Nous étions là parce que nous étions concernés, que nous avions conscience d’être concernés et que nous ne pouvions dignement l’ignorer.

 

Nous étions là quand il le fallait et parce que la situation l’exige, et nous revenons apporter les éclairages utiles au sens de cette présence que nous avons assumée complètement. Nous ne porterons pas de honte que nous avons empêché quand il l’a fallu de faire porter à notre société, à notre peuple, à nos devanciers et à notre jeunesse.
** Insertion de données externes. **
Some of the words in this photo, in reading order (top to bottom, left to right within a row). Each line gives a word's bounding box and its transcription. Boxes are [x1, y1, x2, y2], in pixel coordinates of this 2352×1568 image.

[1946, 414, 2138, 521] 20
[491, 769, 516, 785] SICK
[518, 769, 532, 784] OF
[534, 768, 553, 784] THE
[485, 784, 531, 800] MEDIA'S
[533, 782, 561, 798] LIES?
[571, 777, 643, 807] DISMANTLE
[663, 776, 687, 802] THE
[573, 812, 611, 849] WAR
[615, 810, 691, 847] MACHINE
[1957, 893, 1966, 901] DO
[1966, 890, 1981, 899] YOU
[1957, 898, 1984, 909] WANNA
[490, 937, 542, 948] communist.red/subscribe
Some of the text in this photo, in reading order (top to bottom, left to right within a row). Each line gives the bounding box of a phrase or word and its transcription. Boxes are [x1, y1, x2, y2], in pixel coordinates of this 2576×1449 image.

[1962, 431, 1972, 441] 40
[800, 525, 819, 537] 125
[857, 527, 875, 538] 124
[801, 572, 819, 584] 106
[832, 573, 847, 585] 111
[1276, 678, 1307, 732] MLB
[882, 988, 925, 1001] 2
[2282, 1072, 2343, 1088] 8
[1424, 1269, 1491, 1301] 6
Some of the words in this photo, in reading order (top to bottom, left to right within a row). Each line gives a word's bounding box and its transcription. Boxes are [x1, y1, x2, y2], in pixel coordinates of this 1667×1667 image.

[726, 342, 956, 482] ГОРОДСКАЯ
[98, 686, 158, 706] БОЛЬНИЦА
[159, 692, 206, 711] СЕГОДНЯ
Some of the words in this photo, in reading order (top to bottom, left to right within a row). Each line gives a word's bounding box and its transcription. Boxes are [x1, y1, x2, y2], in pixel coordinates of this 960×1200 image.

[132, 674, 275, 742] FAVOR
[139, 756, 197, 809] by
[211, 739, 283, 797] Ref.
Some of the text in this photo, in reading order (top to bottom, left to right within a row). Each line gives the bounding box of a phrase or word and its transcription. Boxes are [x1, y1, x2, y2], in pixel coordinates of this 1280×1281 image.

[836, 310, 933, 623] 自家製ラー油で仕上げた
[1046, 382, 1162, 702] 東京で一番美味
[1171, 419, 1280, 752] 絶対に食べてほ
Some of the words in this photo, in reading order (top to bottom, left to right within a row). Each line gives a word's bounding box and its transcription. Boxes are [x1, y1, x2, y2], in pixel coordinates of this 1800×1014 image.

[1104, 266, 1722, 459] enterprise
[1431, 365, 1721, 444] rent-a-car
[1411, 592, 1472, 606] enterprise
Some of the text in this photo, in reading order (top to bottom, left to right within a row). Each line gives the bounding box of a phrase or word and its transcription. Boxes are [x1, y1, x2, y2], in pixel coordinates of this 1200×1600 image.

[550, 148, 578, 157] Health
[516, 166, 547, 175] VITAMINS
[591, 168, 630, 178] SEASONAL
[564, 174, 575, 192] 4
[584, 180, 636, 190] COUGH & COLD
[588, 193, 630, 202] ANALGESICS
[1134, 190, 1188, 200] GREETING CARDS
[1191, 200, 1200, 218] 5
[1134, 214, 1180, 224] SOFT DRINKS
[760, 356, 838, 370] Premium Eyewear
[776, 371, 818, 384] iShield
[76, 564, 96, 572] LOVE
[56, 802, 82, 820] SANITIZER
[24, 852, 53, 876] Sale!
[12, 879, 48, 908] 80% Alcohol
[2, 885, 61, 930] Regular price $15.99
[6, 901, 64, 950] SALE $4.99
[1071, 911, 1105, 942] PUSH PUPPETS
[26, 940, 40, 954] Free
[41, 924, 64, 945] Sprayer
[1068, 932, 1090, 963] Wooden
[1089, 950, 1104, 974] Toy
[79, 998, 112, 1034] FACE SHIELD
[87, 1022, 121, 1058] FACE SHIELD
La postérité n’aura pas honte de nous.

 

Nous étions là pour permettre à la société de continuer à vivre en tant que première source de toute légitimité que nous nous sommes toujours défendu de détourner à notre profit égoïste, quelque impression nos divergences et nos initiatives prises en charge collectivement et à chaud auraient pu laisser penser.

 

Il serait peut-être bien de penser à une sorte de structure, une sorte de « comité de concertation et de suivi des discours sur le Printemps noir ». Il est fortement souhaitable qu’il soit constitué de personnes à la fois compétentes, dégagées des emprises intellectuelles suspectes de partialité, très imprégnées des événements politiques et sociaux ainsi que des structures populaires ayant accompagné -de près ou de loin- aussi bien les émeutes que la répression, notamment dans la première période du Printemps noir.

 

Son travail sera principalement un travail de réflexion, de recadrement des termes des débats au sujet du Printemps noir et de mises au point quand c’est nécessaire. Il pourrait aussi se constituer en appui à tout travail de documentaire exigé par des recherches universitaires éventuelles, notamment locales, portant sur l’un des aspects de cette période.

 

notre démarche sera double : en direction des volontaires qui se sont voués à la cause commune individuellement et courageusement pendant des semaines, des mois et des années de suite ; en direction de la sphère intellectuelle dans ses composantes d’alors et actuelle, à l’une pour l’inviter à reconsidérer les impressions exogènes (« du point de vue de l’observateur extérieur ») dont elle a peut-être alimenté les représentations publiques à propos du Printemps noir ; à l’autre pour l’inviter à exploiter au plus vite tous les aspects présentant un intérêt intellectuel de ce que nous avons été portés à faire ou à laisser faire dans les conditions qui étaient les nôtres au moment des faits.

 

Dans un premier temps, une première fournée de réflexions, qui seront produites à la fois par des militants volontaires et des intellectuels distanciés de l’événement pourrait se concrétiser suffisamment de temps avant les échéances commémoratives et politiques toutes proches. La présentation d’un tel travail sera éventuellement signé collectivement, sous une forme ou sous une autre à discuter. Les modalités pratiques d’une telle initiative resteront à préciser pour le moment et dans un autre cadre que l’espace virtuel.

 

Nous communiquons publiquement sur cette initiative afin que les bonnes volontés qui se croient seules puissent nous rejoindre si elles le désirent ou qu’elles s’assurent que leurs préoccupations sont éventuellement nôtres aussi. Et afin que les compagnons de route que nous n’avons pas pu rencontrer ou que nous avons perdu de vue se sachent concernés aussi bien que nous et qu’ils nous aident à (r)établir les liens.